The Securities and Exchange Board of India (SEBI) on Monday prescribed norms for listing small and medium enterprises (SMEs) on stock exchanges, including a minimum initial public offering (IPO) application size of Rs. 1 lakh, Chairmna C. B. Bhave said here after the board meeting.
The minimum trading lot would be Rs. 1 lakh. An upper limit of Rs. 25 crore paid-up capital would be prescribed for a company to be listed on the SME platform/exchange and a minimum paid-up capital of Rs. 10 crore would be prescribed for listing on the main boards of the NSE and the BSE.
Further, if the follow on offer/rights issue results in triggering of the limit of Rs. 25 crore, then the company would have to migrate to the main board.
Companies listed on the SME exchanges would be exempted from the eligibility norms applicable for IPOs and FPOs prescribed in the Securities and Exchange Board of India (Issue of Capital and Disclosure Requirements) Regulations, 2009 (ICDR).
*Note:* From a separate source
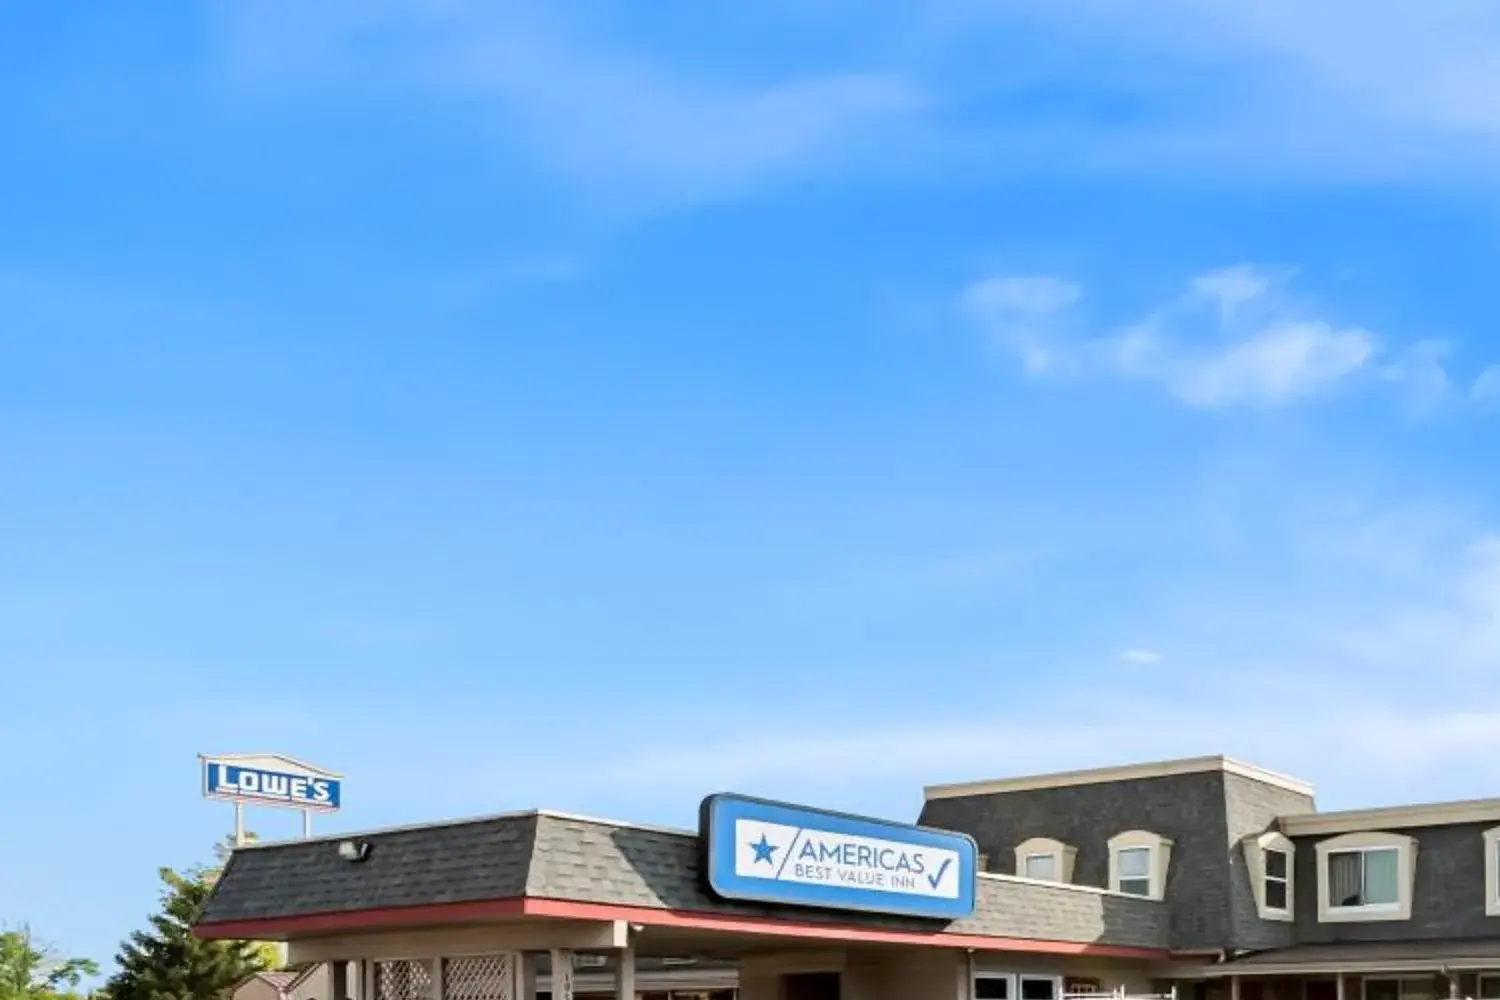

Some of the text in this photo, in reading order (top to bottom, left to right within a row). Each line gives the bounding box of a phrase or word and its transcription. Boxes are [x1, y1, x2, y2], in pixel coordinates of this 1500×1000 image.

The board decided to accord the QIB status to insurance funds set up by armed forces such as Army Group Insurance Fund.
At present the ICDR regulations permit reservation up to 10 per cent of the issue size to employees in public issues. However, there is no ceiling on the number of shares that could be allotted. The board decided to put a ceiling of Rs. 1 lakh on the value of allotment that can be made to an employee under the employee reservation category and to permit reservation up to 5 per cent of the post-issued capital instead of 10 per cent of the issue size.
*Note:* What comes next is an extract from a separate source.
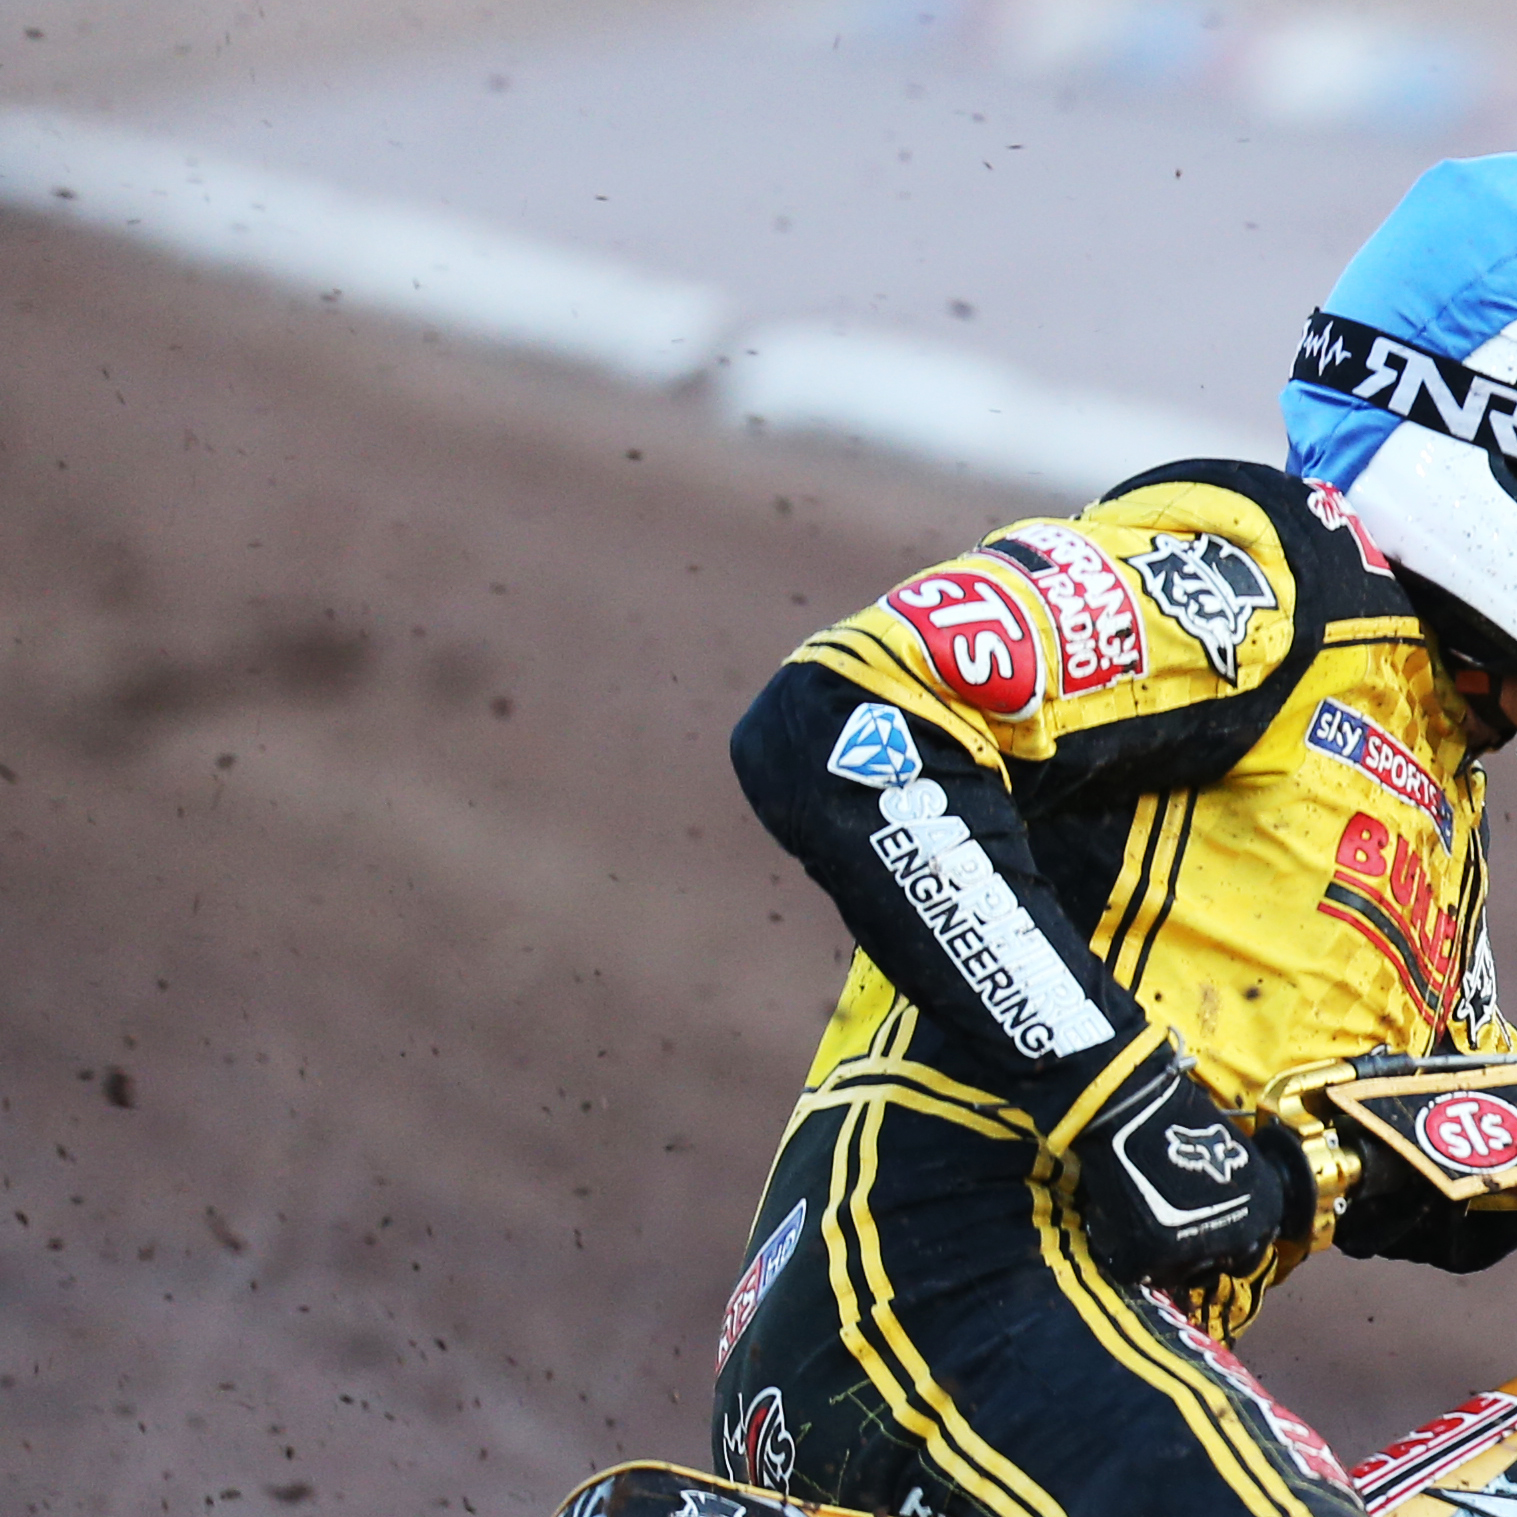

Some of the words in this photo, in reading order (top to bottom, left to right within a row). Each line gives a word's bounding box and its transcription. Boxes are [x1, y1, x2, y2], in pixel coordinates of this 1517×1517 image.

The board also decided to extend reservation to employees along with the rights issue.
The ICDR Regulations also provide for discount up to 10 per cent of the issue price to retail individual investors and shareholders but not to employees. The board decided to allow discount of not more than 10 per cent to employees also under the reserved category only in public issues for application size up to Rs. 1 lakh.
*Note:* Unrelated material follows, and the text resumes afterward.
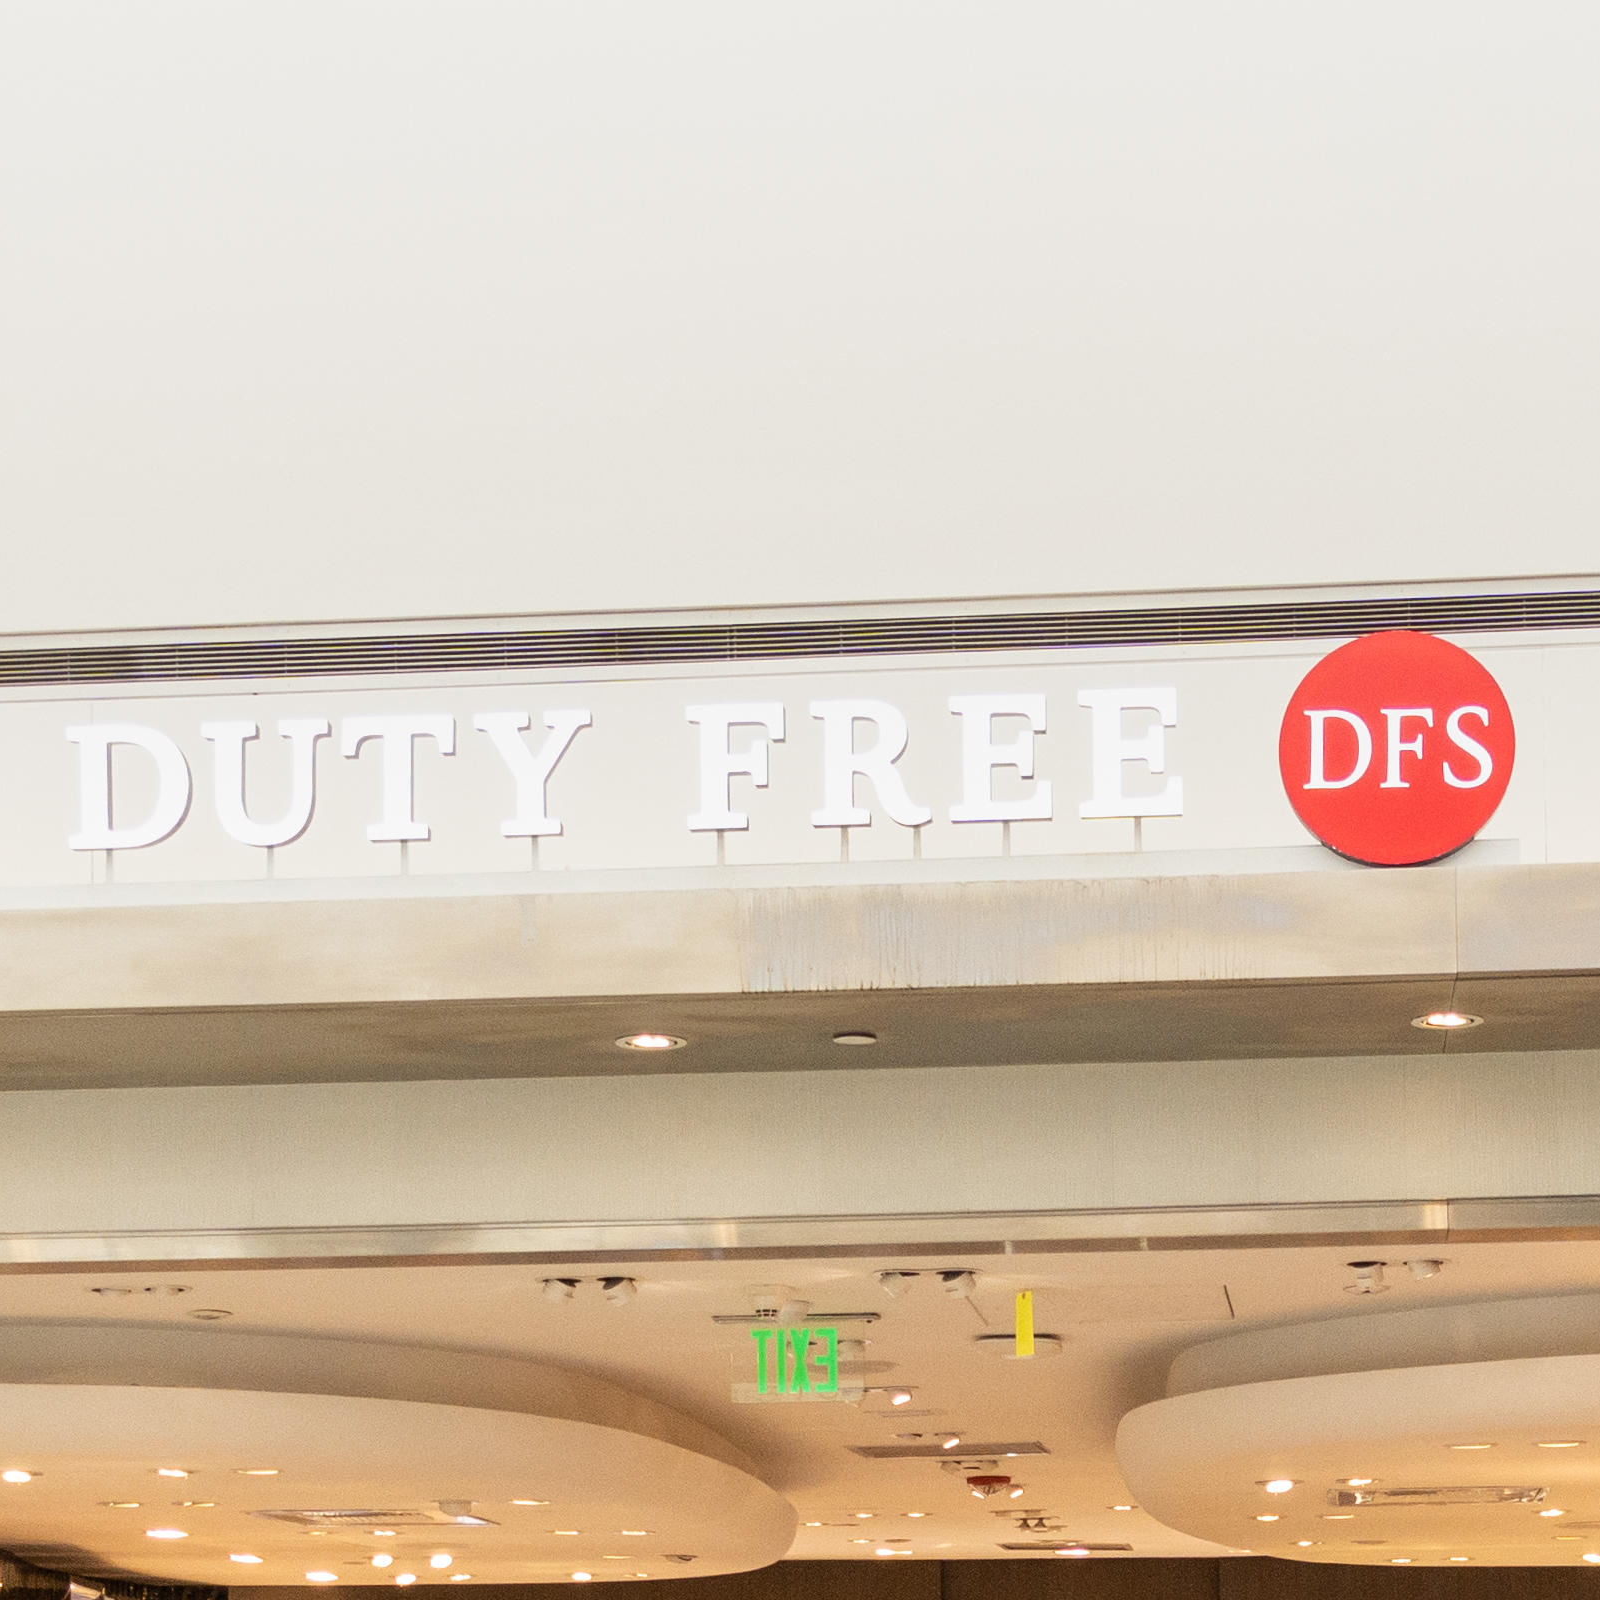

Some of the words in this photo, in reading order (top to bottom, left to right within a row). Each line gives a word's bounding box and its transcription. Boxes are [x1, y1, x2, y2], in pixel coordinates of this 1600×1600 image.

[66, 710, 593, 852] DUTY
[686, 686, 1185, 833] FREE
[1303, 704, 1495, 791] DFS
The board decided to provide an option to all listed entities with subsidiaries to submit their consolidated financial statements as per the International Financial Reporting Standards (IFRS). Taking note that internationally most jurisdictions require disclosure of balance sheet items on an interim basis whereas in India companies disclose only interim financial results, the board decided to mandate half-yearly disclosure of balance sheet items with audited figures or un-audited figures with limited review.
The board decided to make it mandatory to disclose only limited review or audited results within 45 days of the end of the quarter.